L’arrêt de Chambre Criminelle du 23 janvier 2019 (n°18-82833) a introduit une évolution dans notre droit positif, concernant le viol par surprise.

Le viol est l’acte de pénétration sexuelle dans le sexe ou par le sexe, quelque soit le sexe de la victime, par contrainte, menace, surprise ou violence. La surprise, au sens du texte incriminant le viol, s’entendait de plusieurs cas de figure. C’était ainsi, la femme alitée dans l’obscurité de sa chambre, rejointe par un intrus au domicile, qui croyait avoir affaire à son compagnon.

Mais le 23 janvier 2019, la Chambre Criminelle a innové en l’appliquant à l’hypothèse de rendez-vous en ligne. Dans cette affaire, un sexagénaire que les médias ont décrit comme décrépi, s’était fait passer sur les réseaux sociaux pour un jeune millionnaire afin de séduire un certain nombre de jeunes filles en usurpant des photos correspondant à sa prétendue identité virtuelle de riche monégasque en quête d’une âme sœur.

La quête en question était moins platonique que tournée vers la satisfaction de désirs et avait pour finalité de soutirer à des jeunes femmes et à leur insu, des rapports sexuels qu’il avait avec elles au terme d’une rencontre mise en scène selon un scénario trompeur dans lesquelles des jeunes femmes éprises de romantisme ont été éconduites.

Il s’agissait à chaque fois, la porte de la maison de l’auteur étant ouverte, d’une rencontre charnelle débutée dans le noir avec des liens dans lesquels les jeunes femmes se laissaient entraîner et lier.

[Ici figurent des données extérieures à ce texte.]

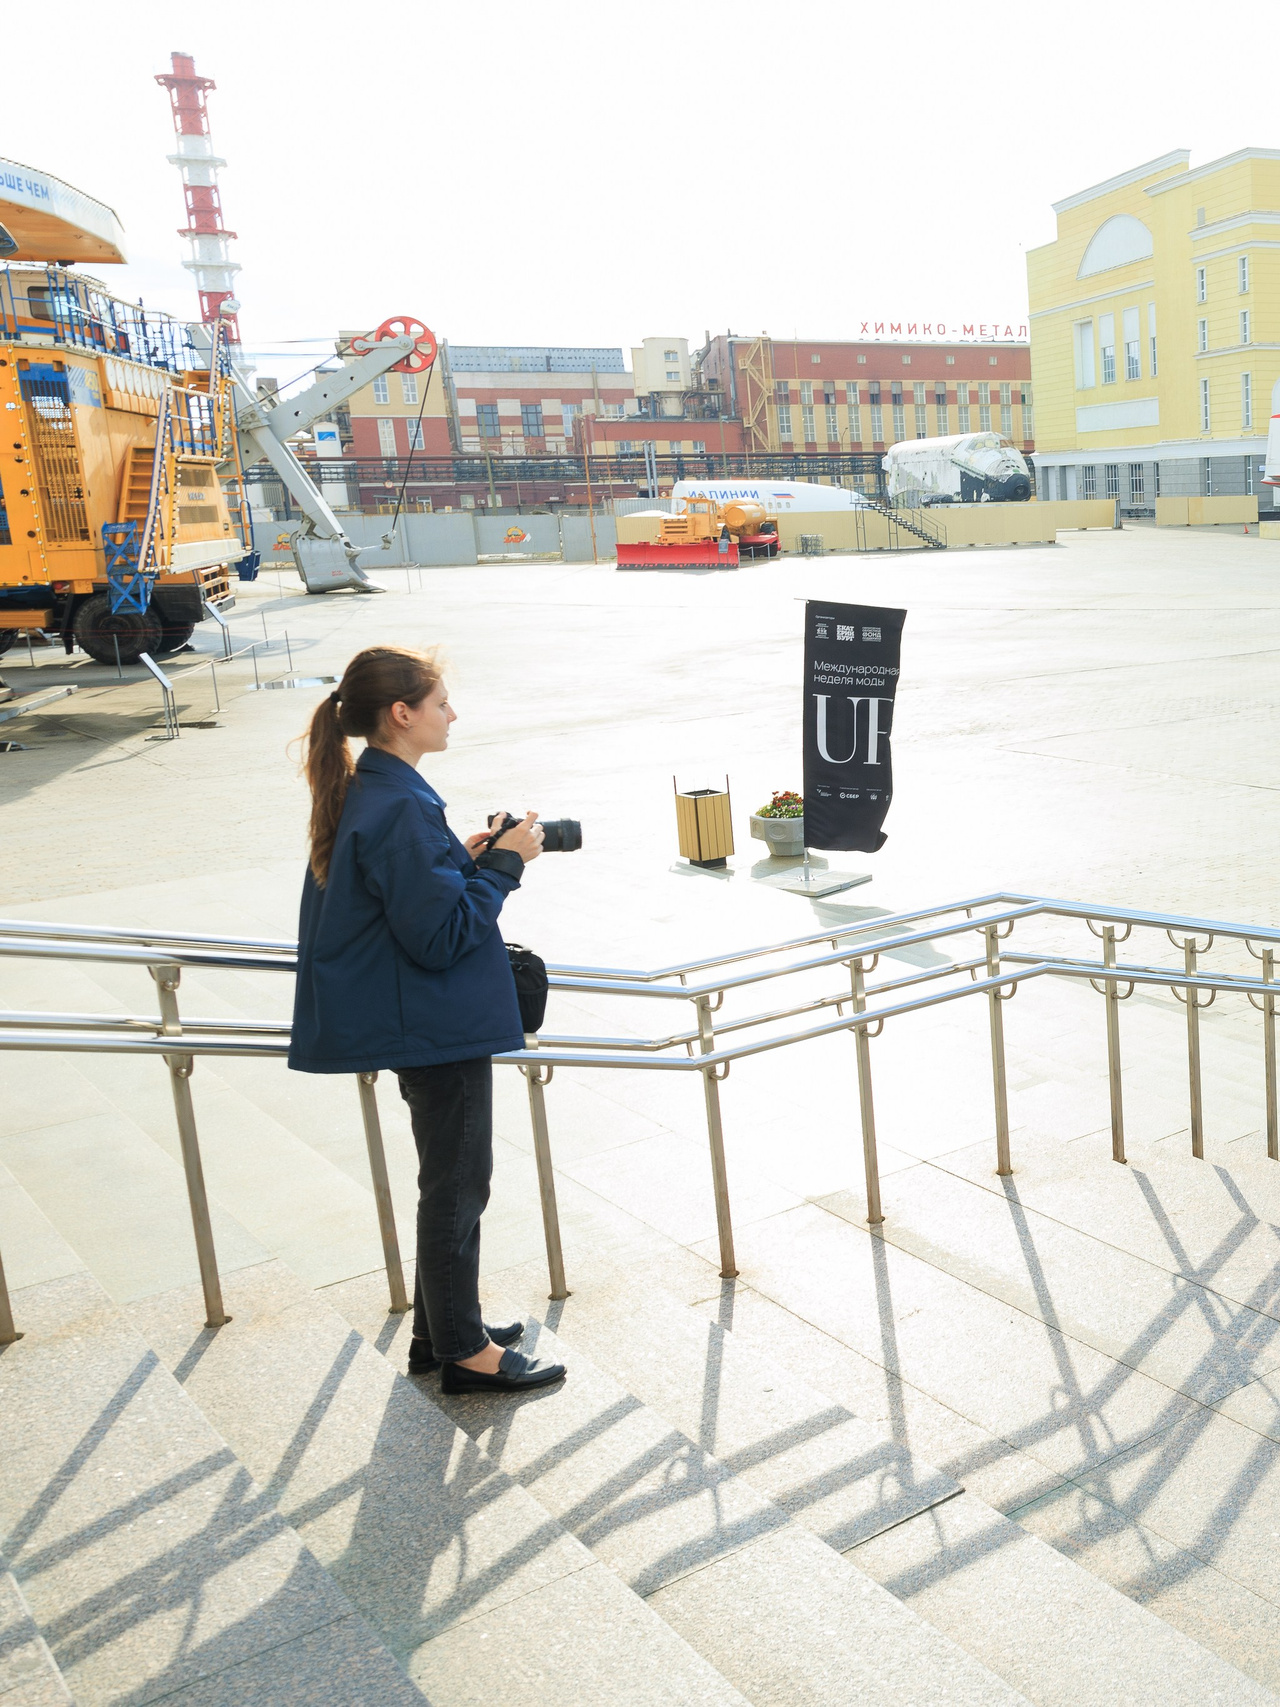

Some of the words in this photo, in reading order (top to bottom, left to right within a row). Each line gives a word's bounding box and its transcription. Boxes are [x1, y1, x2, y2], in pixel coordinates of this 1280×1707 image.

Après l’acte, l’auteur des viols rallumait les lumières, et c’est alors que le subterfuge apparaissait.

L’accusé prétendait que les jeunes filles étaient consentantes et parfaitement libres ; aussi s’évinçait-il des circonstances de l’espèce que le scénario de la rencontre ne recourrait qu’à fort peu de contrainte pour les jeunes filles.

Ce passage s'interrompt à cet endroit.